What the task asks >>
No pictures go into the copy. Write out every line below exactly.

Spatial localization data
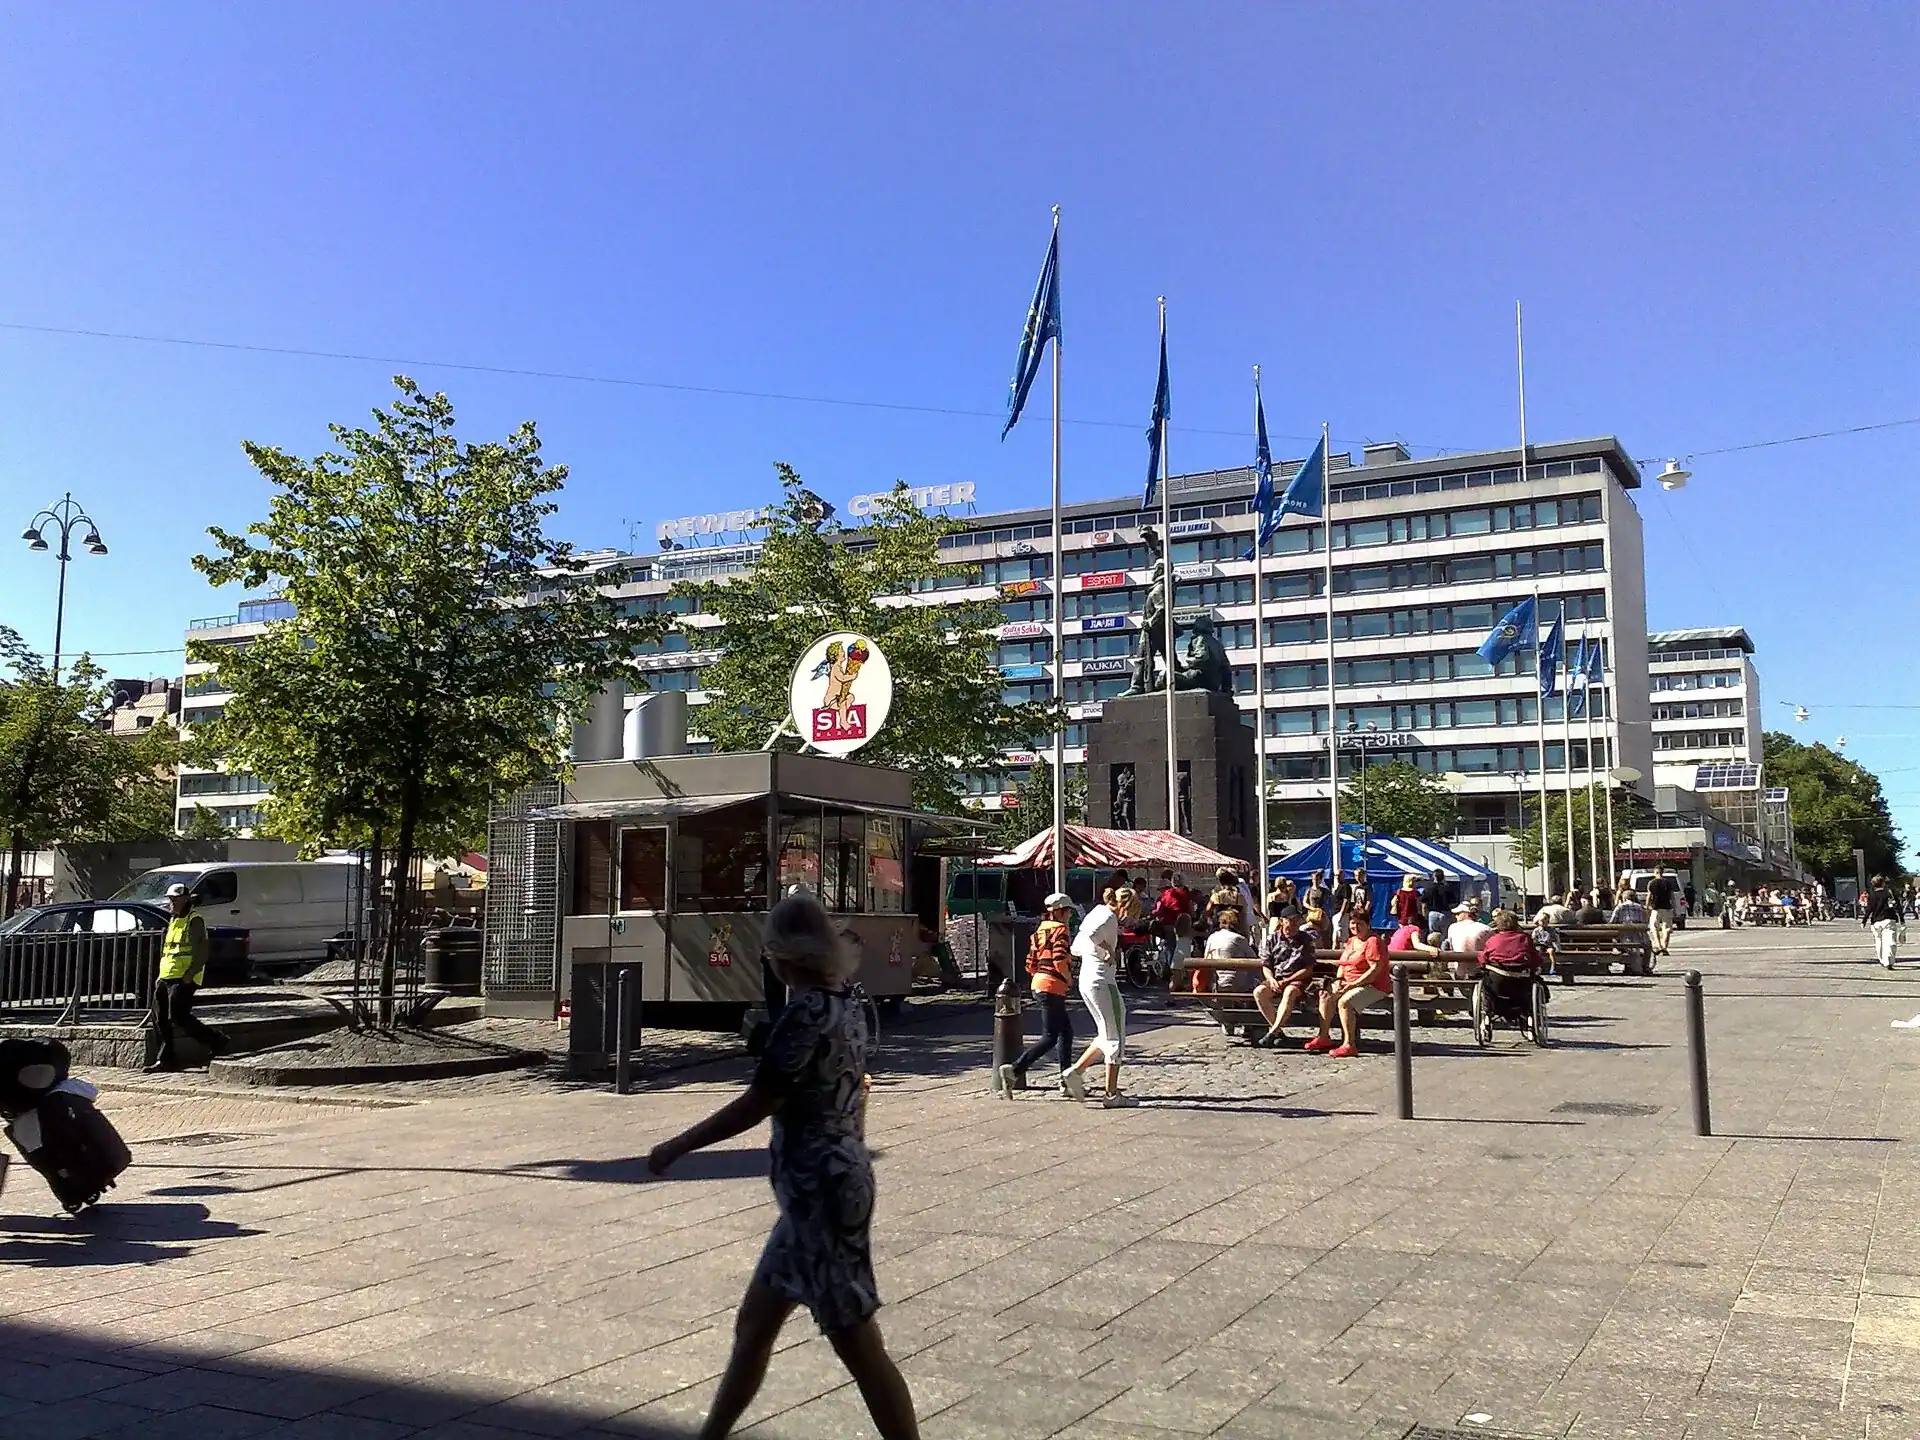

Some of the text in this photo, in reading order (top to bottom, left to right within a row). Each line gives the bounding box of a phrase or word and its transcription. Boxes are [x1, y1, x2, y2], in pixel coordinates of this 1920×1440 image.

[1087, 575, 1119, 586] ESPRIT
[1084, 661, 1122, 671] AUKIA
[816, 709, 862, 731] SIA
[710, 953, 729, 962] SIA

Task answer >>
Some of the text in this photo, in reading order (top to bottom, left to right within a row). Each line gives the bounding box of a phrase or word and its transcription. Boxes are [x1, y1, x2, y2], in pixel coordinates of this 1920×1440 image.

[1087, 575, 1119, 586] ESPRIT
[1084, 661, 1122, 671] AUKIA
[816, 709, 862, 731] SIA
[710, 953, 729, 962] SIA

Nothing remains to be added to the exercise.